Objecto e Importância do Direito das Obrigações – Lição nº 2

Objecto do Direito das Obrigações

Toda relação jurídica obrigacional tem sempre uma causa, isto é, um facto jurídico que lhe dá origem. O objecto do Direito das Obrigações consiste, assim, no conjunto de relações jurídicas de natureza creditícia, onde se estabelece um vínculo entre credor e devedor.

  • Relações jurídico-obrigacionais ou creditícias – Nestes casos, o credor (sujeito activo) detém o direito de exigir do devedor (sujeito passivo) a prestação a que este se encontra vinculado (art. 397.º do CC). Tais relações podem assumir carácter simples ou complexo, autónomo ou não autónomo.
    • Relação obrigacional complexa ou múltipla – Verifica-se quando coexistem vários direitos subjectivos e correspondentes deveres, podendo intervir uma ou mais pessoas na mesma posição jurídica, em regime de conjunção ou solidariedade, seja do lado activo ou passivo (art. 512.º do CC).
    • Relação obrigacional simples – Caracteriza-se por atribuir a um único sujeito (credor) um direito subjectivo perante outro sujeito (devedor), incumbindo a este último o cumprimento da prestação.
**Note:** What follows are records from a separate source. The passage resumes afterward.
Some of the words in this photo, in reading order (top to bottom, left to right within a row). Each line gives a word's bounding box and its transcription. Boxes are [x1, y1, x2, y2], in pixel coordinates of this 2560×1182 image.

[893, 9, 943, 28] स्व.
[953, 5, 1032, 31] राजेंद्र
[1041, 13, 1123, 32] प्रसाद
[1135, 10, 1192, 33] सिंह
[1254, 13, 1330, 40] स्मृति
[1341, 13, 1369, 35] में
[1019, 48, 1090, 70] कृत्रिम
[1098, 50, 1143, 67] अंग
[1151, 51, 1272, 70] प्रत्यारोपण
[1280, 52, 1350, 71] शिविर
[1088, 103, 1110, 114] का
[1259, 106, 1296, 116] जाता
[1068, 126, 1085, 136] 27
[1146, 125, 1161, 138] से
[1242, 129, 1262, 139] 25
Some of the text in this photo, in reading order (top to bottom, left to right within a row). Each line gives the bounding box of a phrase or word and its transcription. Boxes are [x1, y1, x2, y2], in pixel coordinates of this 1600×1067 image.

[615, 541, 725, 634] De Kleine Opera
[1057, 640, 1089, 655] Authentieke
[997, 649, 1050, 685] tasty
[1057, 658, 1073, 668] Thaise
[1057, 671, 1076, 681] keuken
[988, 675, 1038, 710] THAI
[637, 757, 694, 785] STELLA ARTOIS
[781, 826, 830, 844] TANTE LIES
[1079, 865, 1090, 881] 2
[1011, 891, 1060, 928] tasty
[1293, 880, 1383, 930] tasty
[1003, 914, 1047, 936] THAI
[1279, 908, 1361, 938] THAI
Importância do Direito das Obrigações

A relevância deste ramo do direito não se limita ao seu âmbito interno, pois o conceito de obrigação atravessa vários domínios, tanto de direito público como de direito privado. O termo “obrigação” transporta consigo princípios fundamentais que servem de base para múltiplas áreas jurídicas. Exemplos claros dessa importância encontram-se em:

  • Direito Comercial – onde surge a obrigação de pagamento do preço no contracto de compra e venda;
  • Direito do Trabalho – que recorre a princípios contratuais próprios do direito das obrigações, como a autonomia privada, reflectindo-se também nas obrigações recíprocas entre empregador e trabalhador;
  • Direito Fiscal – em que se reconhece a obrigação dos cidadãos de pagar impostos e o correspondente direito do Estado em proceder à sua cobrança;
  • Direito Constitucional – no qual os cidadãos assumem obrigações fundamentais, como a defesa da pátria;
  • Direito Administrativo – em que se estabelecem obrigações recíprocas entre o Estado e os particulares, como sucede nas empreitadas de obras públicas entre o Estado e o empreiteiro.

Conclusão

O Direito das Obrigações assume um papel central no ordenamento jurídico, pois regula relações que estão na base da vida económica e social. O seu objecto, as relações jurídicas creditícias, reflecte-se em múltiplos contextos, desde os contractos privados até às obrigações de natureza pública. A sua importância manifesta-se, assim, na forma como garante equilíbrio, justiça e segurança nas relações entre sujeitos, sendo um verdadeiro alicerce para diversos ramos do Direito.